The other thing I try to do is have a starting point and an end point for each game. How we get there is usually up in the air, and sometimes we don’t even get to the endpoint. The best games I’ve ever DMed though have been meticulously planned—not necessarily on what’s going to happen, but rather the lore and characters that the players can discover.


In the second campaign, are all the players starting with brand-new characters? Is the adventure set in the same world?

Yes, yes, and yes. All campaigns in Roll Seekers & The Legend of Nabell will be set in the world of Nabell, each one building on the overall master story of the Green-Eyed God. The Light of Tyve Campaign, however, will be set on a brand-new continent with entirely new characters. The game will start five years after the events of the Trevian Forest, so that may mean there may be a few cameos from the last campaign.

What sorts of things can viewers look forward to in Season Two? What excites you the most?

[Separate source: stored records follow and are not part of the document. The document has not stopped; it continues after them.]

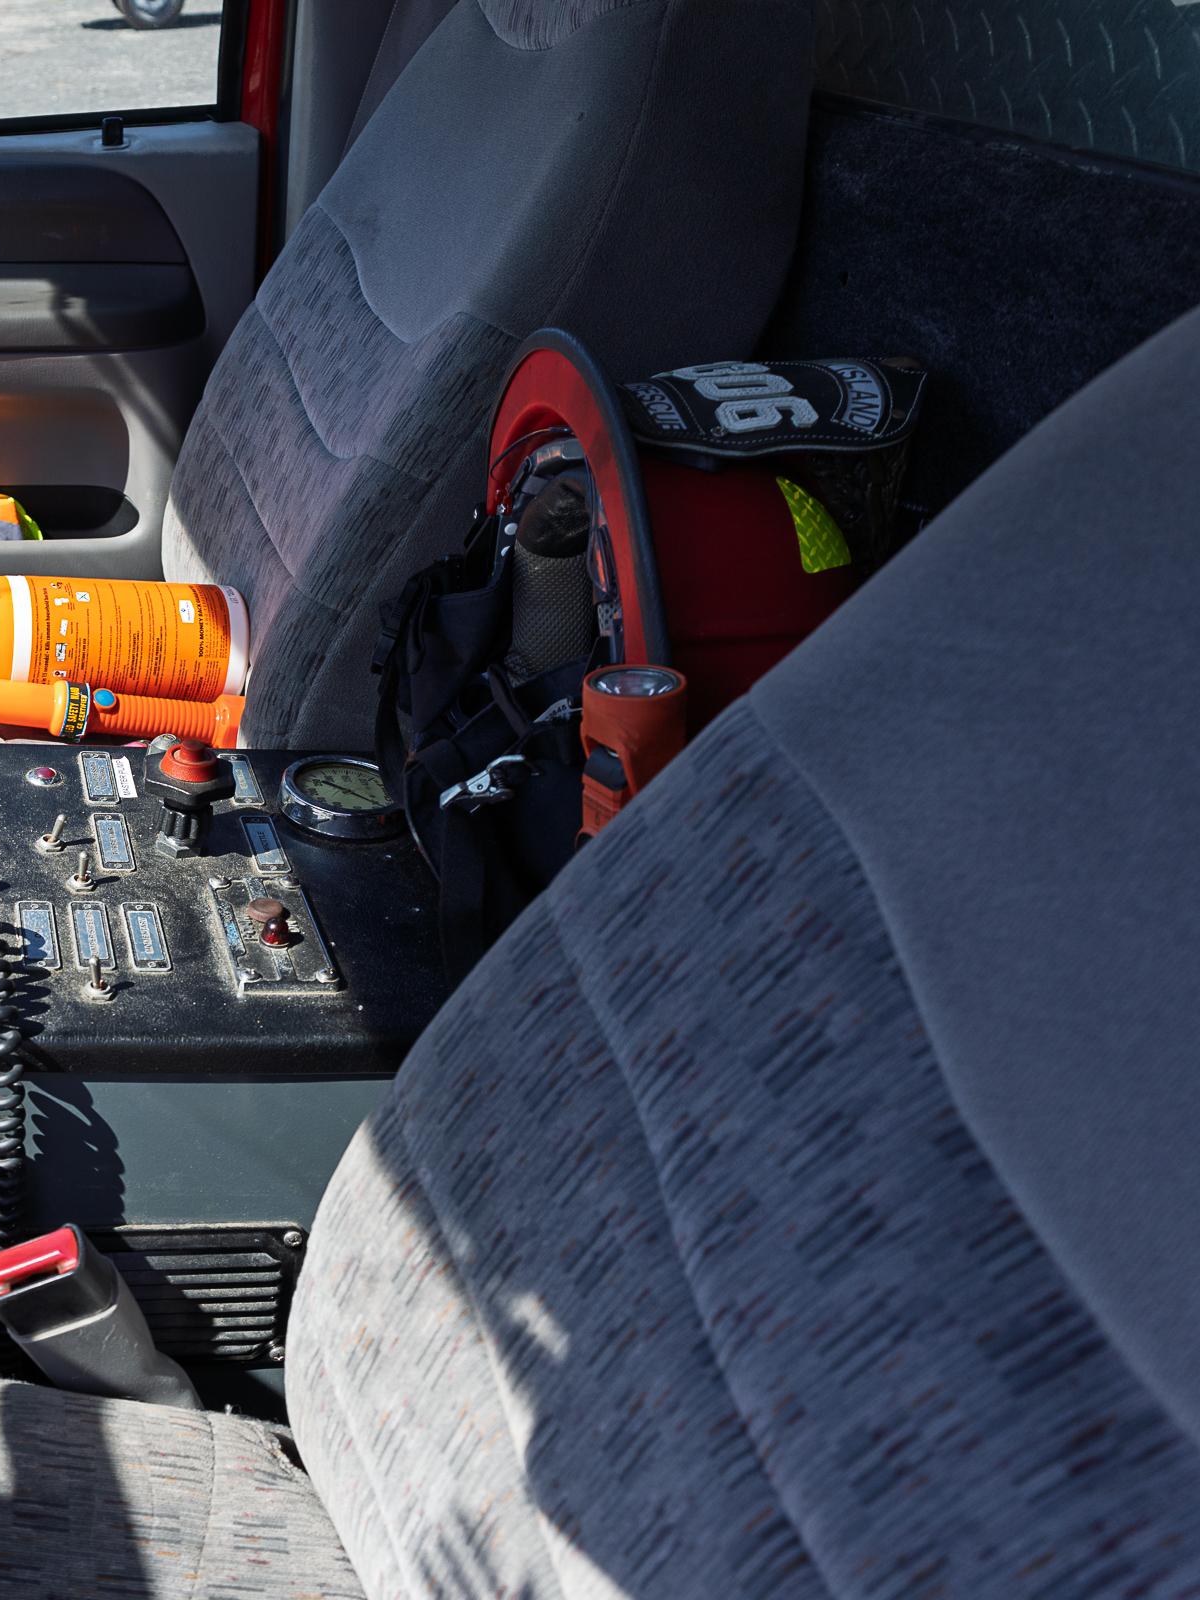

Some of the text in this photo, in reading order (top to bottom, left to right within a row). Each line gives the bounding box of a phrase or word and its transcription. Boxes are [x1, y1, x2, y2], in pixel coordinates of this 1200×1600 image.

[631, 384, 688, 431] RESCUE
[832, 365, 884, 430] ISLAND
[67, 703, 79, 723] SAFETY
[78, 694, 89, 722] CERTIFIED
[119, 773, 131, 796] MASTER

The next season is going to be dark and gritty. It’s going to have a “Curse of Strahd” feel to it, and what I’m most excited about is that we’re starting from level one. Our players have been workshopping their characters for months, and it’s going to be really exciting to start with such strong material.

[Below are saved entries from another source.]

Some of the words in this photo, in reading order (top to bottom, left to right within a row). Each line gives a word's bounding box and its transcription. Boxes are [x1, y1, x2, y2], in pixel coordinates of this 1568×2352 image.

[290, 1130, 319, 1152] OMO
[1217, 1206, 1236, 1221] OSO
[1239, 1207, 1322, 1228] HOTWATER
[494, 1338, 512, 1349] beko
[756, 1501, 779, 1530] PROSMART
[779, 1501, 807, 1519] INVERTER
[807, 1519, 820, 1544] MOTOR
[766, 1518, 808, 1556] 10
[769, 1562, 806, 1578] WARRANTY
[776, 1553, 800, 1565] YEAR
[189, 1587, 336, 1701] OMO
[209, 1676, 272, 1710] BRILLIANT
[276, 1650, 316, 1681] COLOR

The next campaign will not be a simple adventure of heroism and valor—it’ll be for the stout of heart. We’re not trying to create heroes, we’re creating a campaign that must be survived, and I anticipate neutral or even somewhat evil player characters. This goes against my usual DM style, and I’m thrilled.

Can you give us a sneak peek? What should we know about Tyve?

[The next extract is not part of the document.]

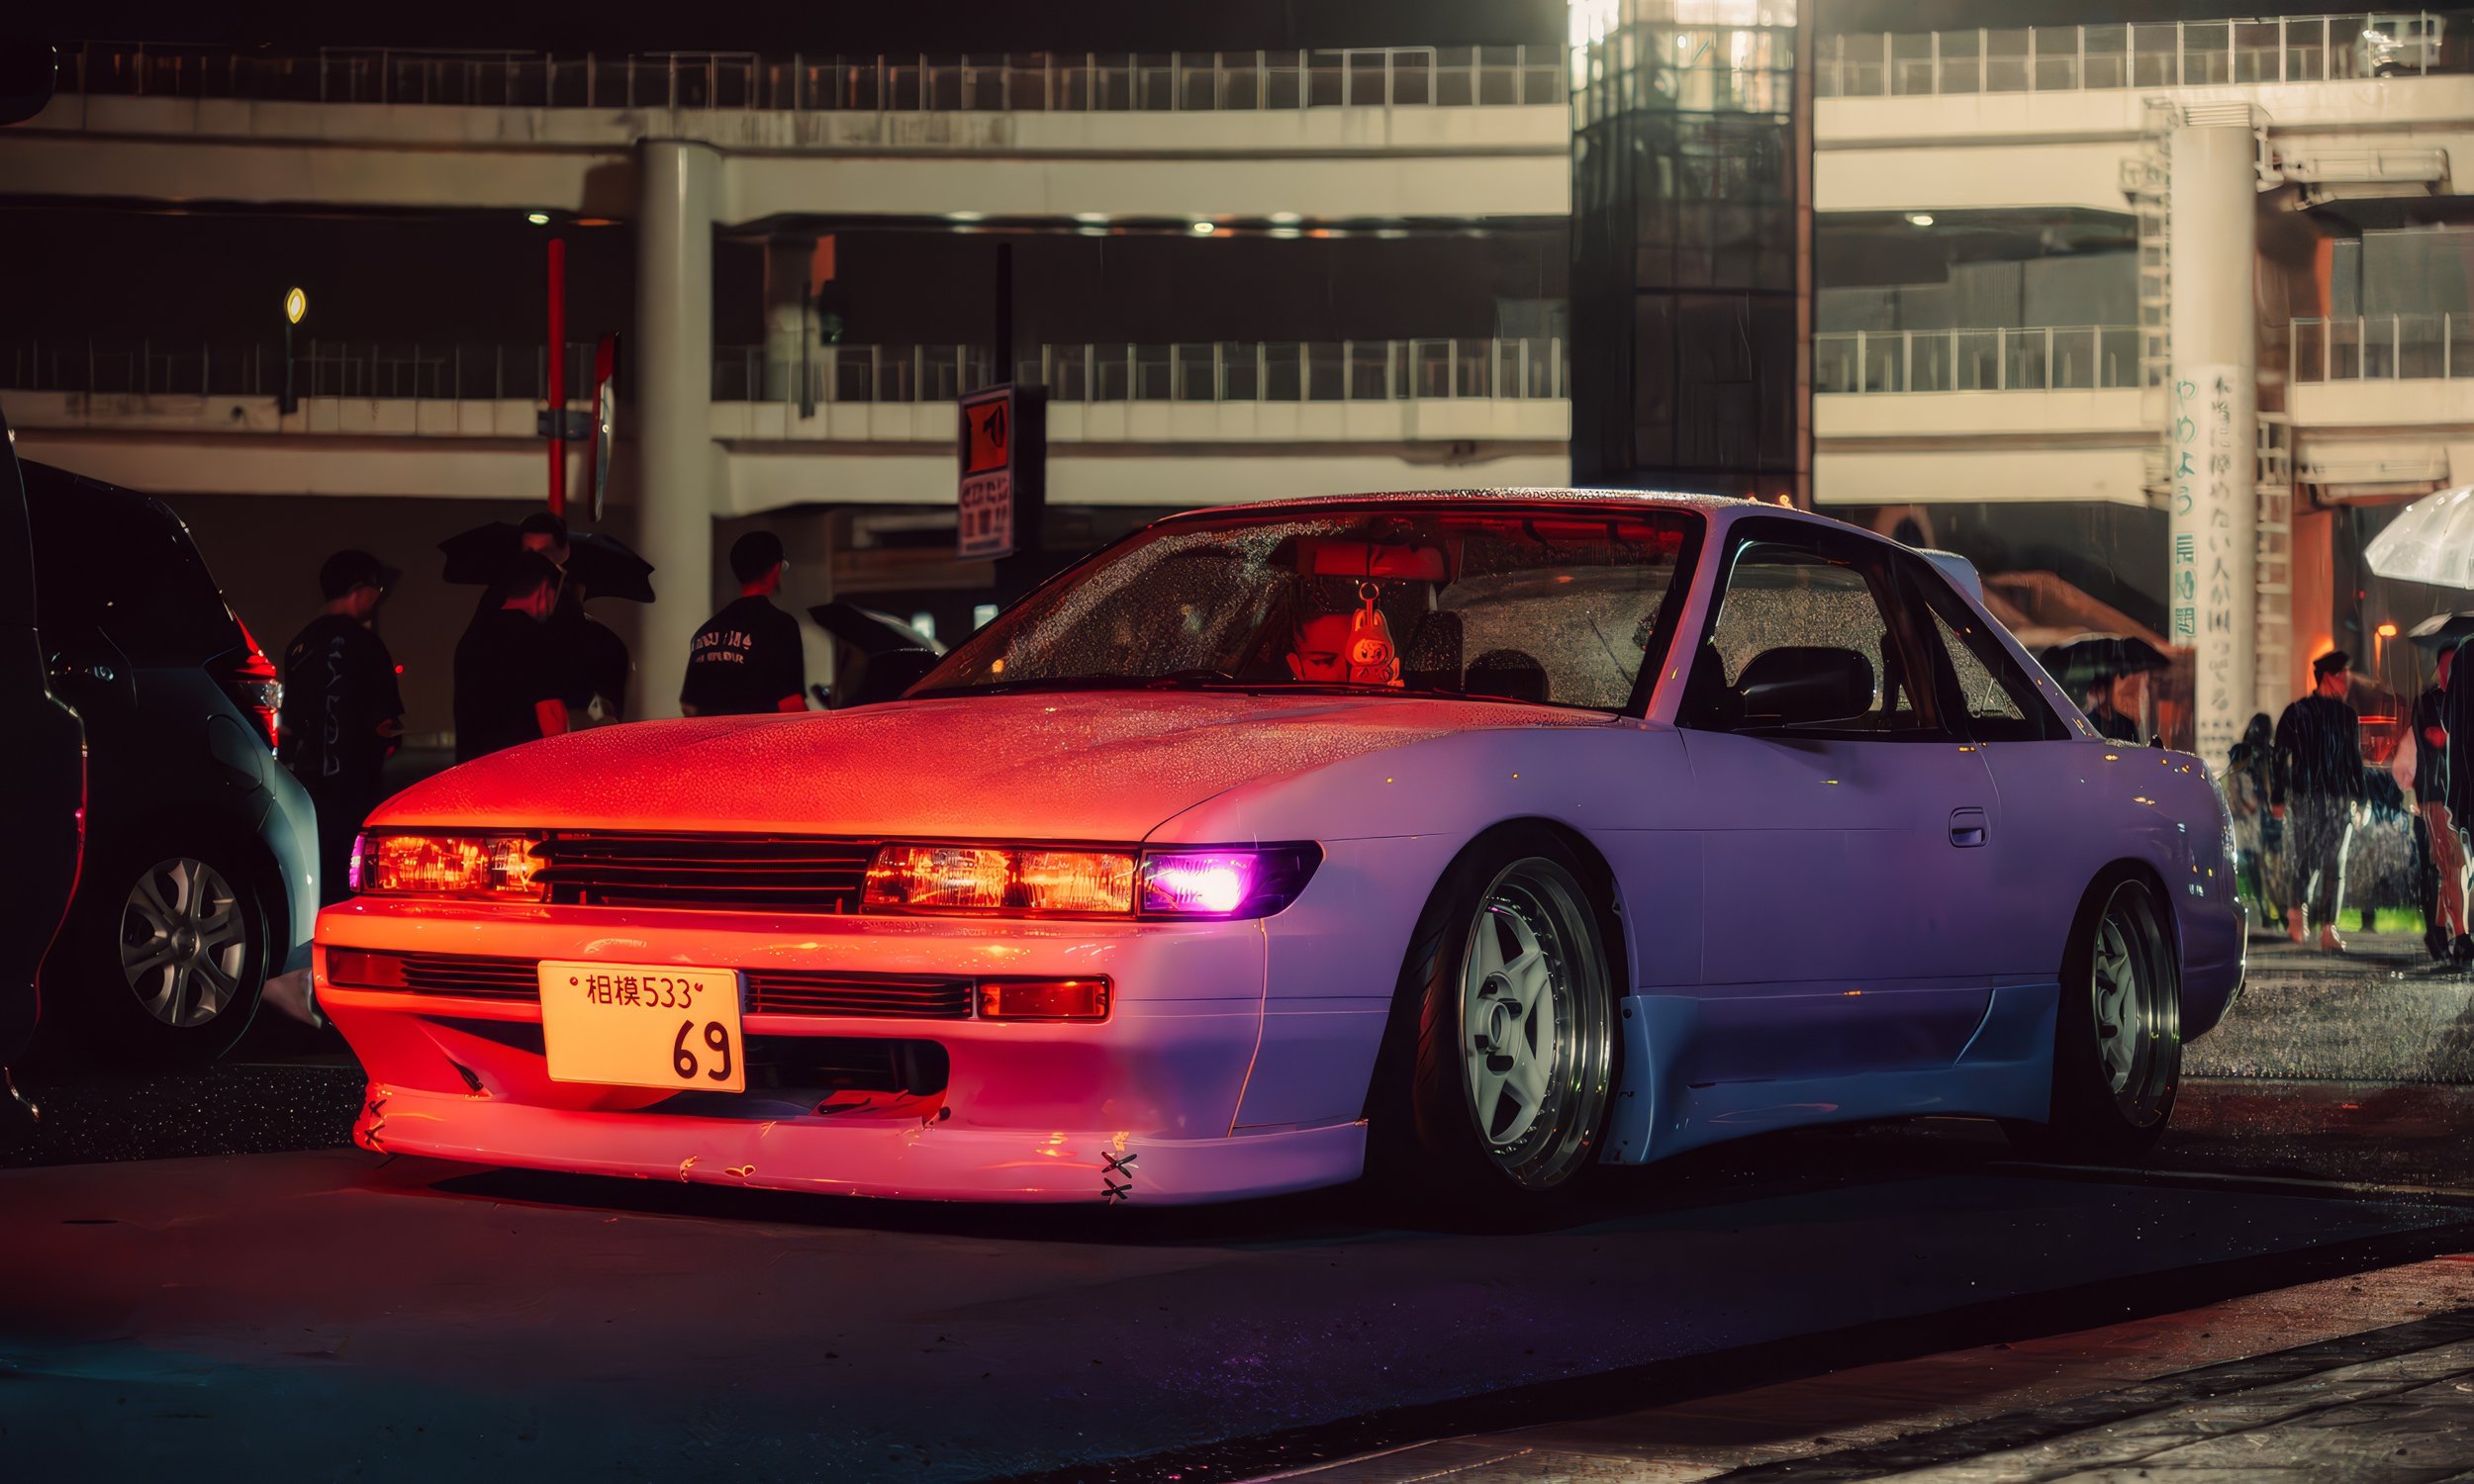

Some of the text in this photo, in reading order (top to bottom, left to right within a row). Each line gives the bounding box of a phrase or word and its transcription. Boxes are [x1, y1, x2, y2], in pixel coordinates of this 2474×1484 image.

[2176, 380, 2196, 516] やめよう
[585, 974, 693, 1009] 相模533
[673, 1019, 732, 1081] 69

The lands of Tyve were kissed by light long ago—a cacophonous fulmination of power and salvific purposes—the Ithelion. This tangible light of God still shines far beyond unscalable mountains, its pallid gloom haunting the land with memories of ancient wars and forgotten Gods.


But such light casts long shadows, and Tyve is a cold place. There is no room for weakness on its shores. All who live beneath its iron peaks need to be more weapon than flesh. They must be forged by hardship and the fear of disease. For Tyve is a battered land of archaic beauty born when the salt of the sea boiled. It is a land that even the gods turned their backs on, sealing it away from the rest of the world.


Iron mountains rise like a maelstrom of knives, stabbing at the sky and dredging the earth with roots of silvery ore. Every crag bleeds flames, though it does little to tide the chill of the Ithelion and the gray skies, suffocated by clouds of smoke and ash.

Here, five houses have risen to power: the Cult of the Iron Chain, the Plague Artists of Slyphus, the Sorcerers of Keph, the Forgotten Dead of Dragdah, and the Stewards of Gavra. The mainland has been sealed by blasphemous magic, and the continent has been quarantined by a divine and unending storm.


Left to fester and rot, the people of Tyve are as much prisoners as they are villains. Their only solace is the small pieces of Ithelion stolen from the heart of Tyve long, long ago, now unreachable by any known means.

Our story begins on the Southeastern coast of Scarsden, where a vented sea offers the only warmth in a land of cold winds, dim light, and treacherous shadows. It is there where an unlikely pair have crashed far from home. Adventurers seeking cures, knowledge, purpose, and family soon descend upon the unlikely pair where they learn that something truly dark lies beyond the unbreachable Sheared Peaks. Will the Roll Seekers discover the secrets of the Light of Tyve, or will they be lost to the dark?


That sounds amazing! Thank you, and we can’t wait to see what happens next!!